A similar claim was made by Barney Rosentein, the attorney representing more than half of the 106 business-owners who sued the city to recover losses they suffered during the disorder. "Many of his clients, Mr Rosenstein said, were completely wiped out by the wave of robberies which followed the beginning of the riots," New York World-Telegram reported. The New York Sun reported the same claim without attributing it to Rosenstein. Only five business owners are identified as saying that they had gone out of business due to the damages they suffered, in newspaper stories about their suits against the city. This group included the two owners who made the largest claims for damages, Harry Piskin ($14,125) and George Chronis ($14,000), and the owners who made the fourth and seventh largest claims, Harry Levinson ($4805) and Irving Stetkin ($2068). The remaining owner, Manny Zipp, claimed only $721 in damages, below the median claim of $733.13 for the twenty-six owners identified in newspaper stories. Piskin and Chronis both told the city Comptroller that extensive damage to their stores had put them out of business. Piskin said "they looted his laundry, broke all of his machinery and drove him out of business," the New York Sun reported, while Chronis said his lunchroom had been "completely demolished," according to the New York World-Telegram. Zipp and Levinson emphasized lost merchandise. Zipp told the city Comptroller "everything in his store was taken," forcing him out of business, in a story in the New York Post, while Levinson said the "mob cleaned out" his store, forcing him to retire, the New York Sun reported. In Stetkin's case, no explanation was given; a story in the New York Sun simply said he was not in business anymore.

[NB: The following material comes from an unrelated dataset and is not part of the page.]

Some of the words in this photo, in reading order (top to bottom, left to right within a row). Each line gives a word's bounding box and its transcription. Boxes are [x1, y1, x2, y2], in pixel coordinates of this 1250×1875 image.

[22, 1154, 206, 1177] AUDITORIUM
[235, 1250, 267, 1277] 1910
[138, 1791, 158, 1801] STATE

Indirect evidence of what happened to other businesses can be found in the MCCH business survey undertaken between June and December 1935 and/or the Tax Department building photographs taken between 1939 and 1941. However, the survey and photographs do not provide certain or comprehensive evidence. While the survey identified more than 10,000 businesses, other sources do indicate that it did miss some businesses and sometimes incorrectly recorded addresses. In most cases, the owner and the business name were also not recorded, so they cannot be matched to looted businesses with certainty. In addition, some of the Tax Department building photographs taken between 1939 and 1941 are taken from a distance or angle that does not show the storefront of the address that was looted.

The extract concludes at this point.